Substance Designer or Ddo...?

Hello!

So I am looking at both software with noob eyes and I can’t decide which one I should get, or if they even play in the same category.

There are many tutorial available online but I didn’t find anything that give an overview of the features of each solution at the same level. Designer is also a meterial editor, I get that (right?), but for the texturing part they’re both procedural texturing tools?

Does Substance Painter have the “missing” Ddo features for Substance Designer?

Thanks!

Just out of curiosity, both have a trial version… just install them and see what application fits your workflow best.

DDO is more for a “pls make some textures for me” approach. They have a huge library of materials and effects, and you tweak those presets for what you need.
On the other hand, Substance is a flexible procedular texturing software, it can do a LOT more things than DDO, but of course you need to do them, not just select a preset and edit values.

I agree with vblanco, DDO is the lazy way of doing it, at least the older version (I haven’t tried the quixel suite one yet) isn’t going to give you your own style, all your stuff will have pretty much the same look as others that use it.

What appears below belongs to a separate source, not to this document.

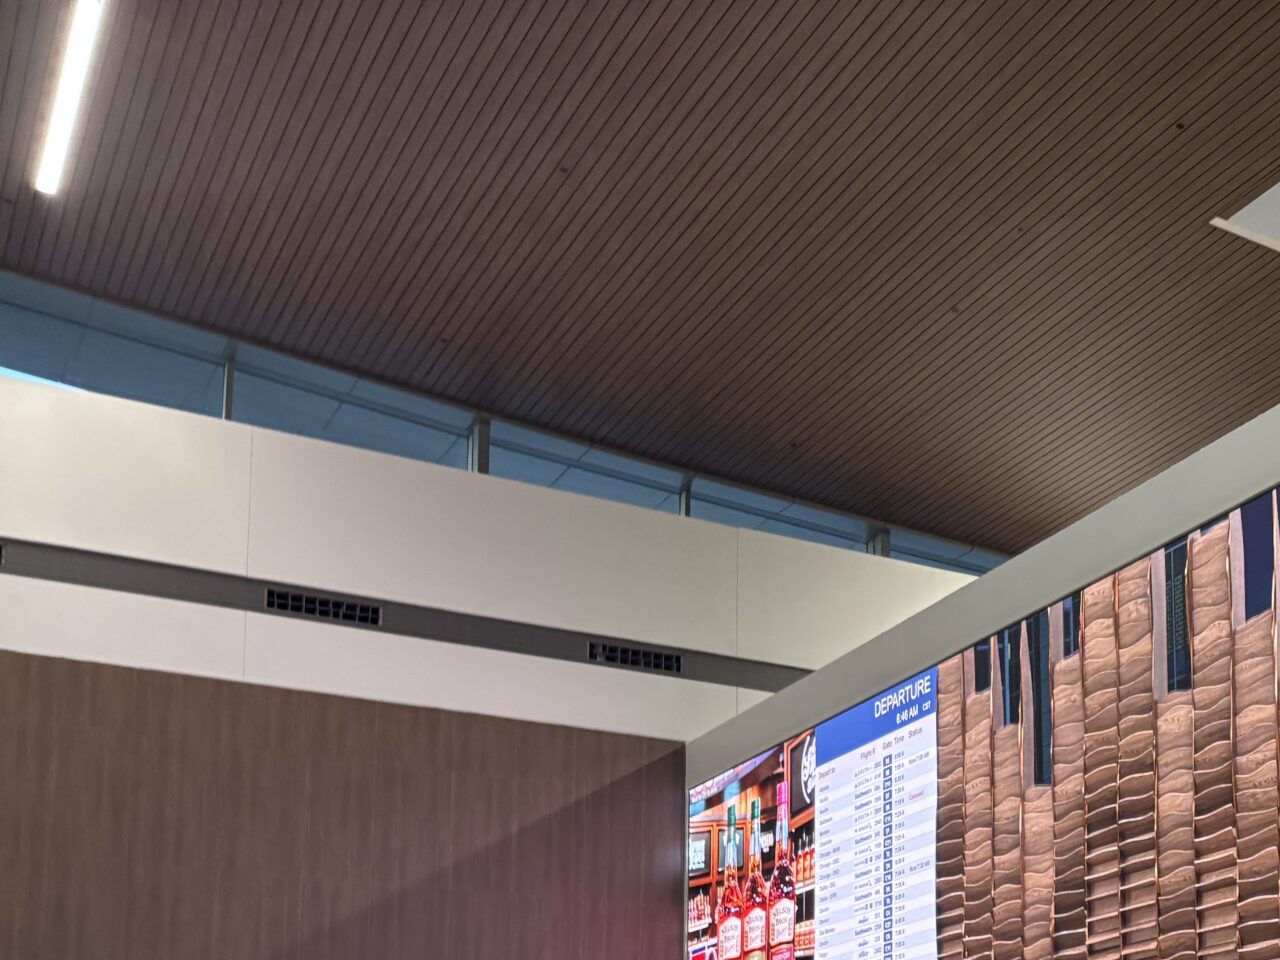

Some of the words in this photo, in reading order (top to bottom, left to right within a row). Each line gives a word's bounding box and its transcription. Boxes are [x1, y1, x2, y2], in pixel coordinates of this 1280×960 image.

[874, 675, 931, 718] DEPARTURE
[909, 704, 919, 719] AM
[894, 735, 905, 745] Time
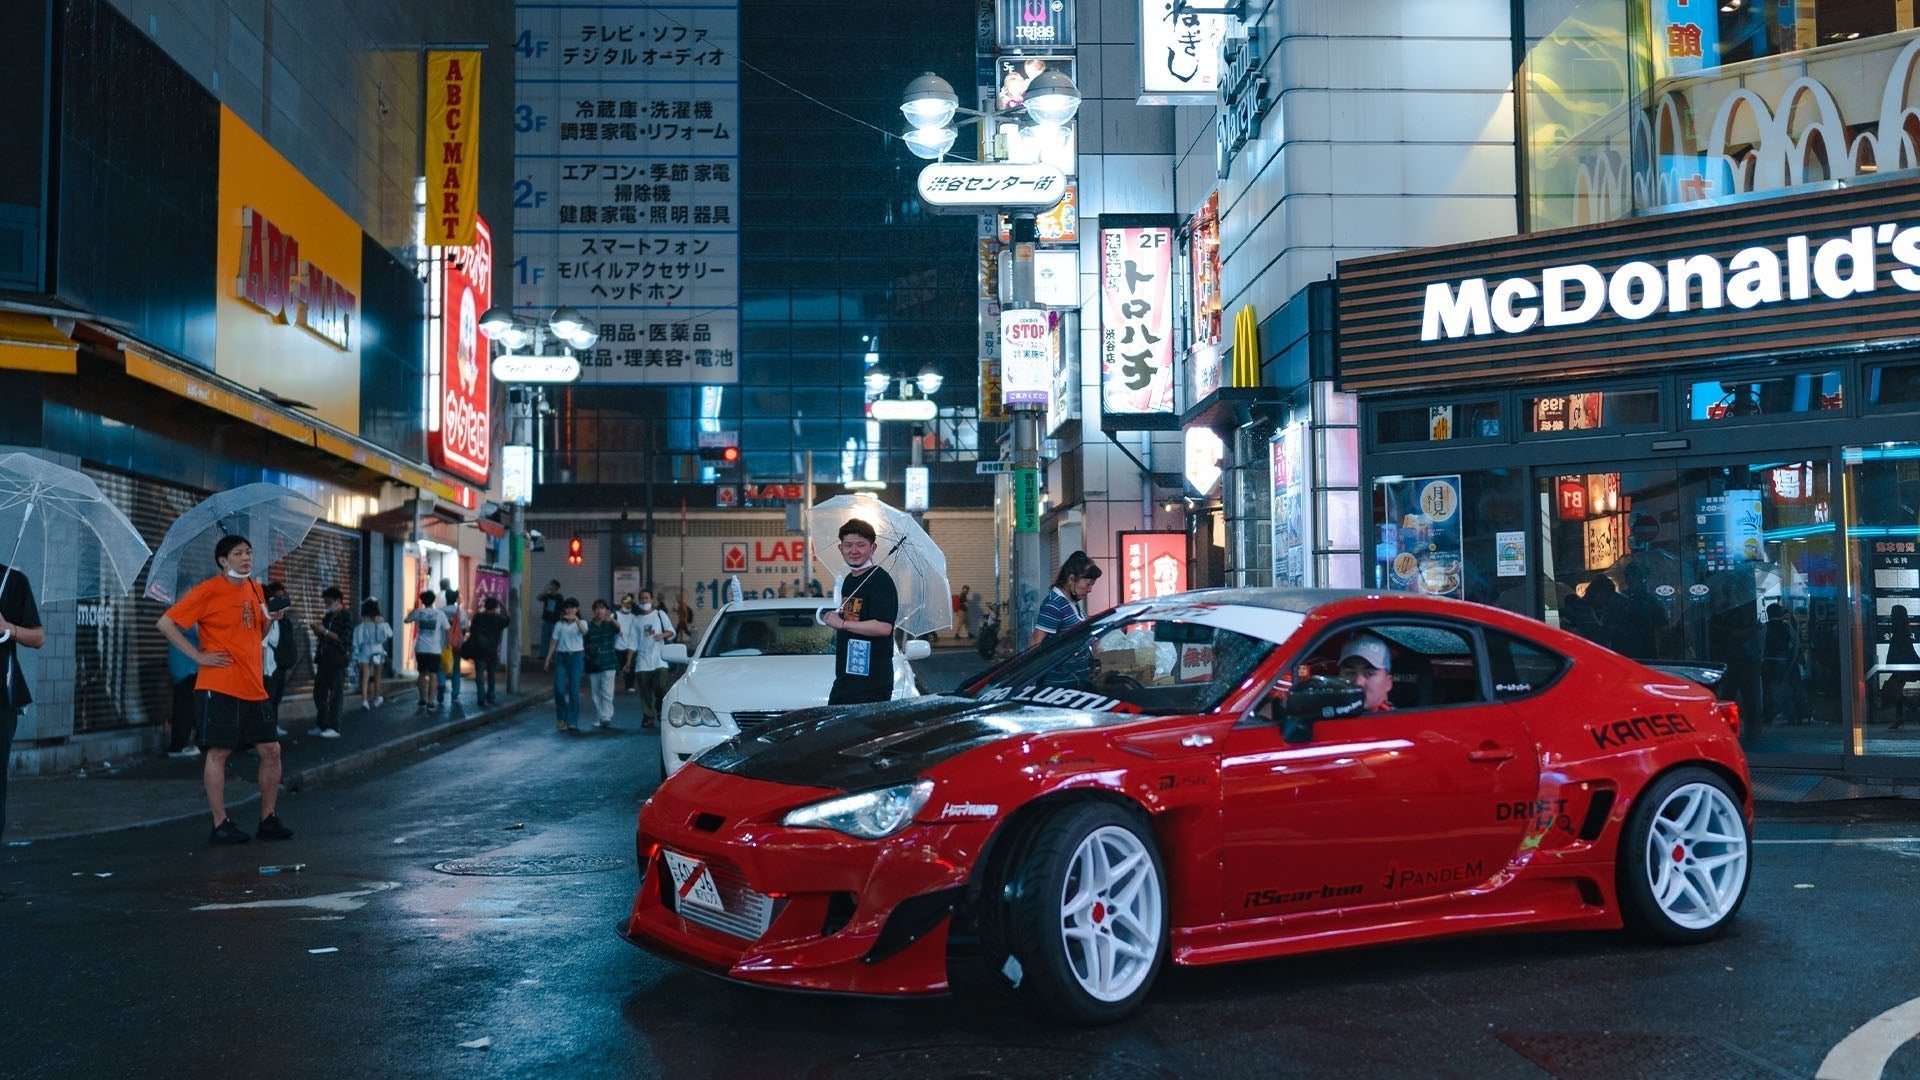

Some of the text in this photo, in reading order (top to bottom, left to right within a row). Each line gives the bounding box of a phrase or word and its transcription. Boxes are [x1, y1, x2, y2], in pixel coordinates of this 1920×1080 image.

Substance Designer have a lot more power and lets you create essentially anything you want, but you’ll have to create your own presets, which gives you much more freedom than making presets in DDO.
(NDO on the other hand is great.)
Also Subastance Designer is not a material editor, it’s more a node-based texture generator that produces textures to be used in materials/shaders.

Both are texturing softwares that generates your textures using presets rather than lets you “paint” them (although you can of course do that as well).
I’d say Substance Painter is going to be a better approach if you prefer to have more control and “paint” your textures, so if that would be interesting I’d say pick up Substance Designer since you can use substances made with designer inside of Painter.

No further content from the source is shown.